Task description
Copy each line of the data below exactly, leaving out pictures.

Material for the task
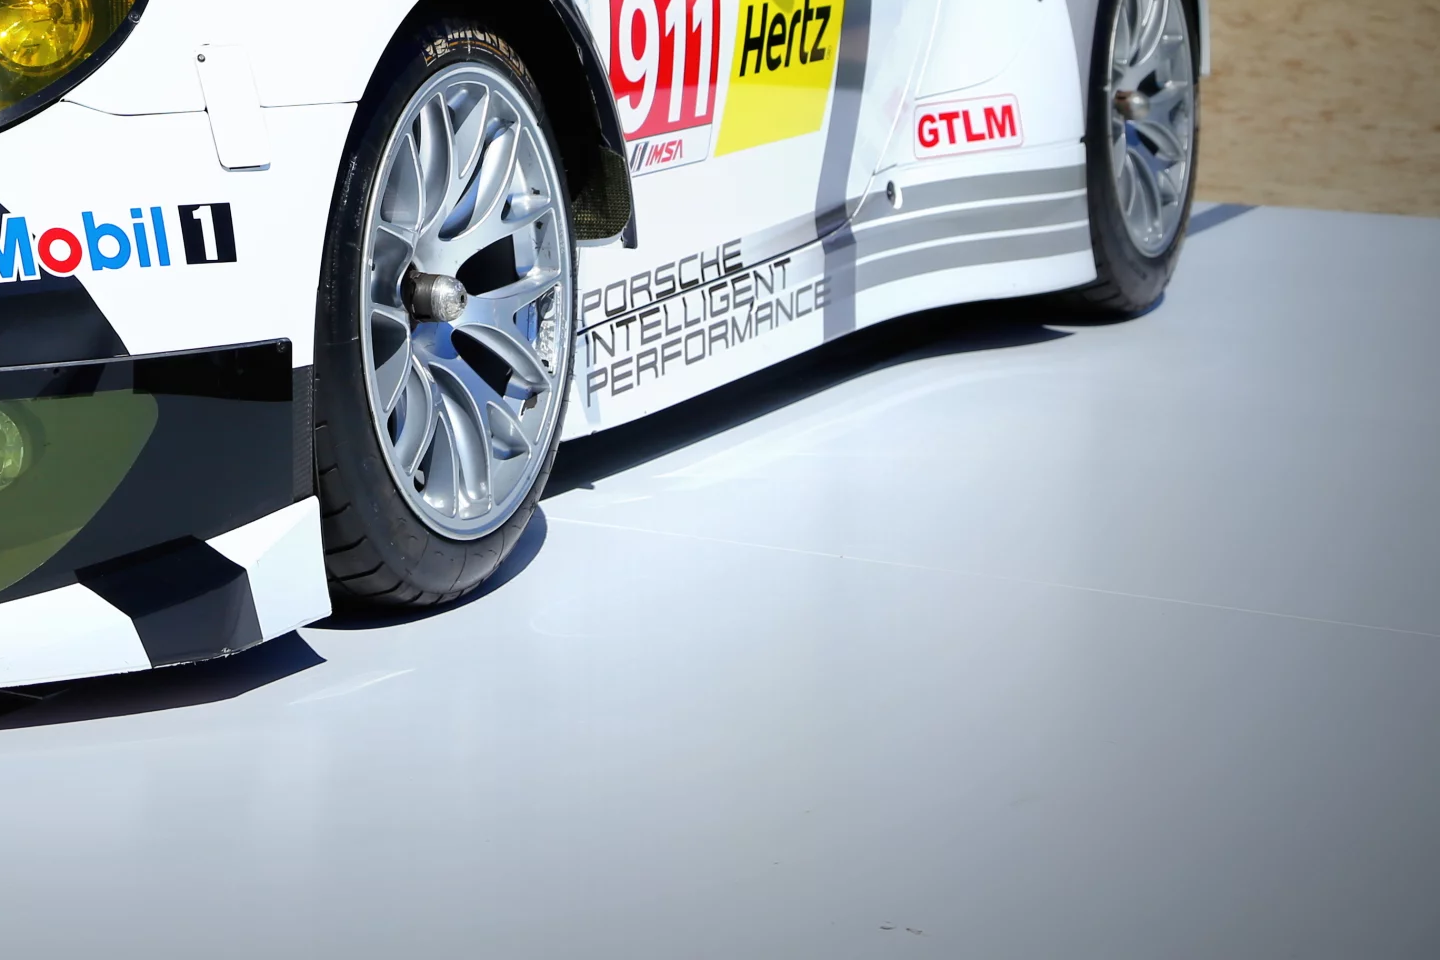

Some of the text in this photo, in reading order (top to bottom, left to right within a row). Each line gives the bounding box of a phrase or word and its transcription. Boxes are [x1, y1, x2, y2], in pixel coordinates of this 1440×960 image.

[645, 139, 683, 167] IMSA
[917, 104, 1017, 148] GTLM
[188, 204, 222, 262] 1
[582, 238, 744, 327] PORSCHE
[586, 257, 791, 368] INTELLIGENT
[587, 276, 832, 408] PERFORMANCE
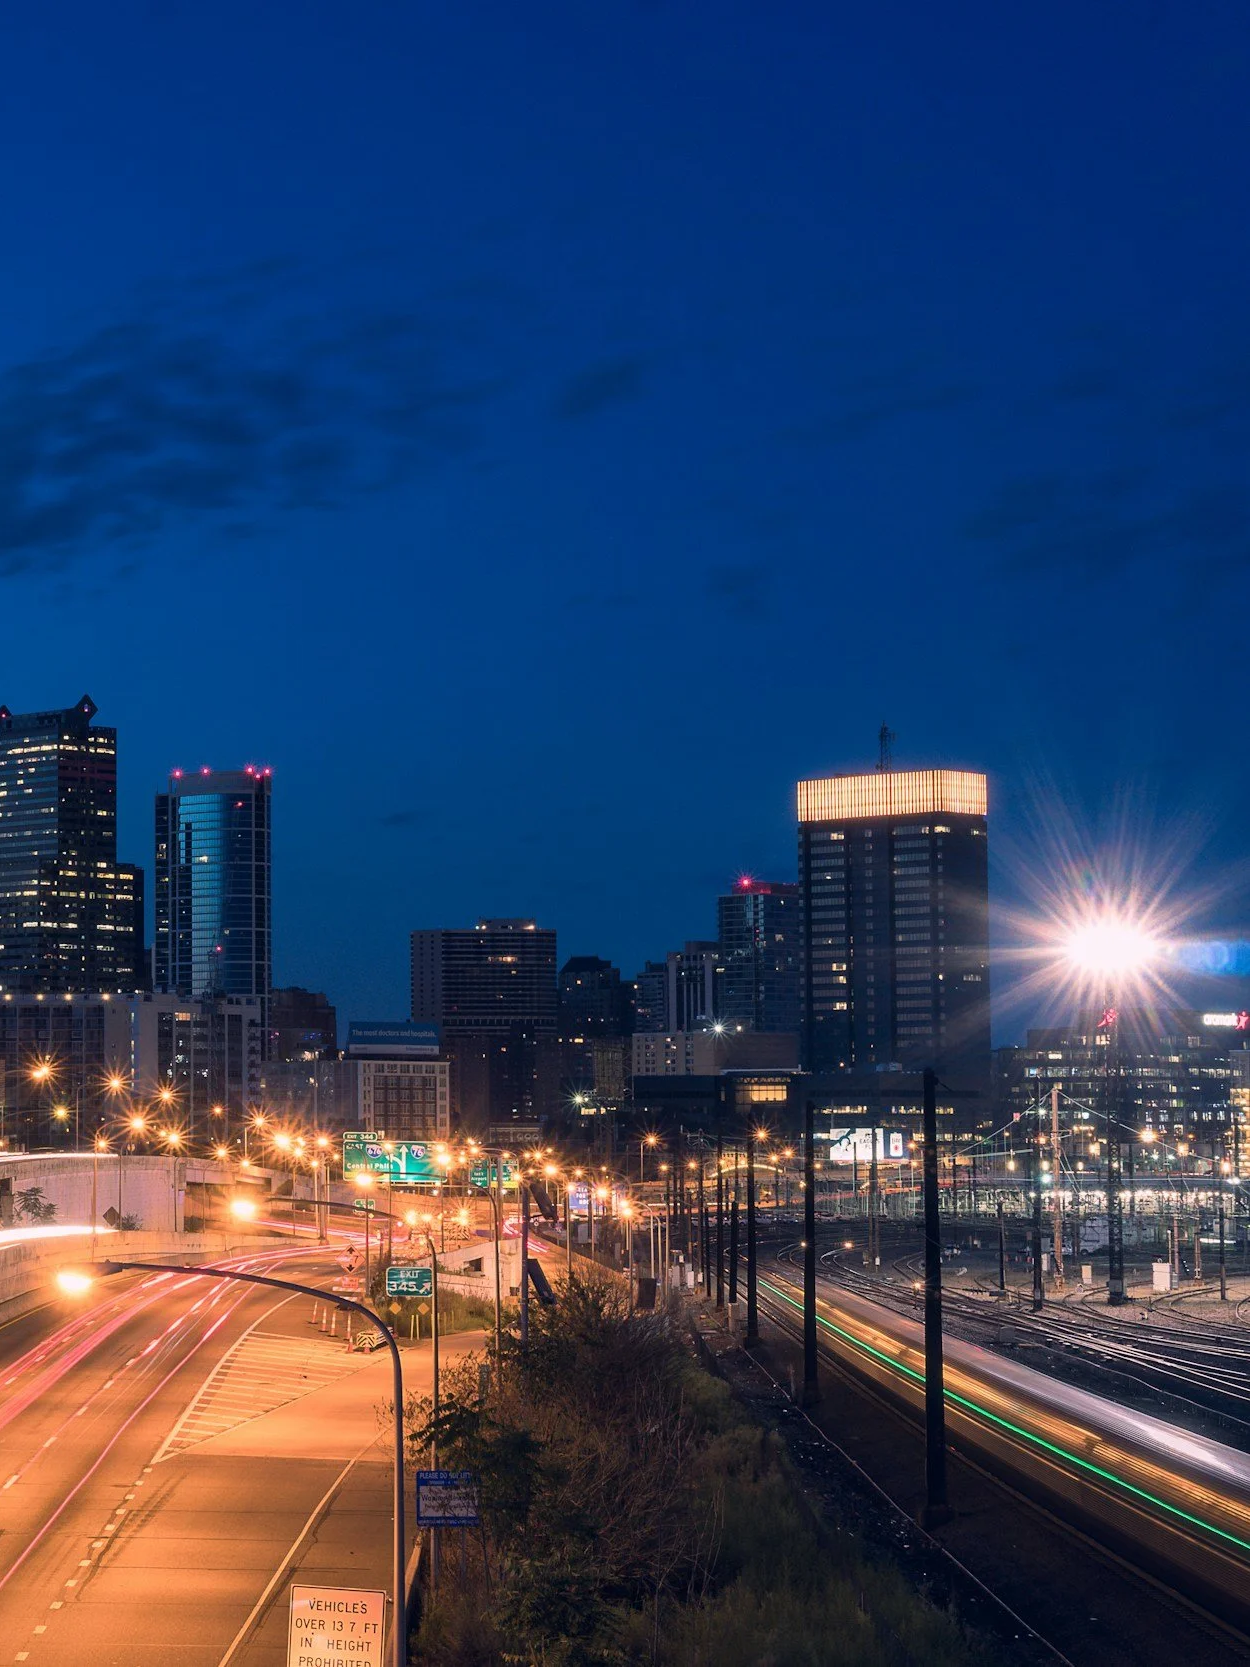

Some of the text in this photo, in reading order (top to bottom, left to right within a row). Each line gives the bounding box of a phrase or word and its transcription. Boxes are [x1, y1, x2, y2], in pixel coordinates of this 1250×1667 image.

[368, 1146, 381, 1155] 676
[400, 1270, 419, 1278] EXIT
[389, 1281, 416, 1291] 345
[309, 1600, 367, 1614] VEHICLES
[295, 1618, 325, 1630] OVER
[364, 1623, 378, 1633] FT
[300, 1637, 371, 1651] IN HEIGHT
[299, 1656, 371, 1667] PROHIBITED
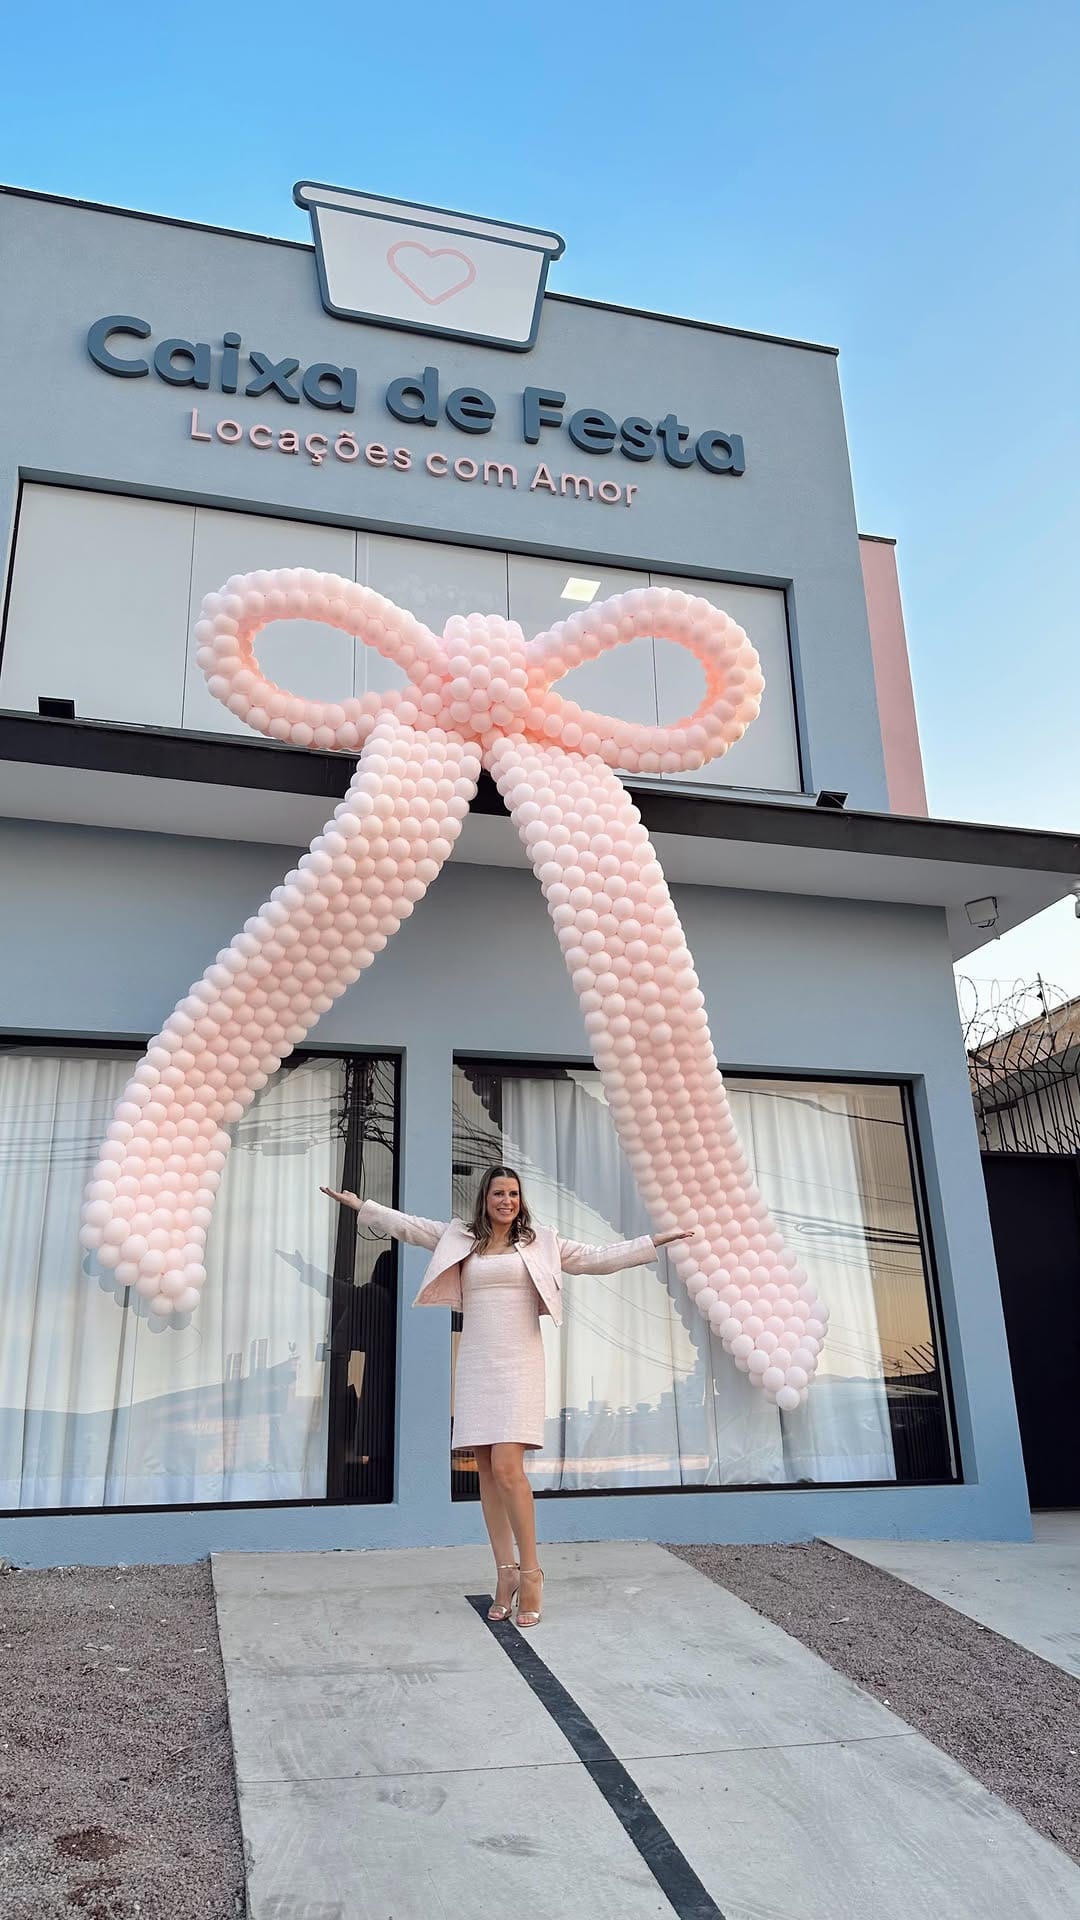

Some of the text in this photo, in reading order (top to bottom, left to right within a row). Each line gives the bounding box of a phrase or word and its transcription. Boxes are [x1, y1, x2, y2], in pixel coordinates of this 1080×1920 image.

Answer section
Some of the text in this photo, in reading order (top to bottom, left to right within a row). Each line gives the bounding box of a phrase or word and its transcription. Boxes are [x1, y1, x2, y2], in pixel coordinates of this 1440×960 image.

[645, 139, 683, 167] IMSA
[917, 104, 1017, 148] GTLM
[188, 204, 222, 262] 1
[582, 238, 744, 327] PORSCHE
[586, 257, 791, 368] INTELLIGENT
[587, 276, 832, 408] PERFORMANCE

Some of the text in this photo, in reading order (top to bottom, left to right within a row). Each line gives the bounding box of a phrase or word and its transcription. Boxes are [x1, y1, x2, y2], in pixel coordinates of this 1250×1667 image.

[368, 1146, 381, 1155] 676
[400, 1270, 419, 1278] EXIT
[389, 1281, 416, 1291] 345
[309, 1600, 367, 1614] VEHICLES
[295, 1618, 325, 1630] OVER
[364, 1623, 378, 1633] FT
[300, 1637, 371, 1651] IN HEIGHT
[299, 1656, 371, 1667] PROHIBITED

Some of the text in this photo, in reading order (top to bottom, left to right within a row). Each line gives the bounding box of a phrase or word and its transcription. Boxes are [x1, y1, x2, y2], in pixel coordinates of this 1080×1920 image.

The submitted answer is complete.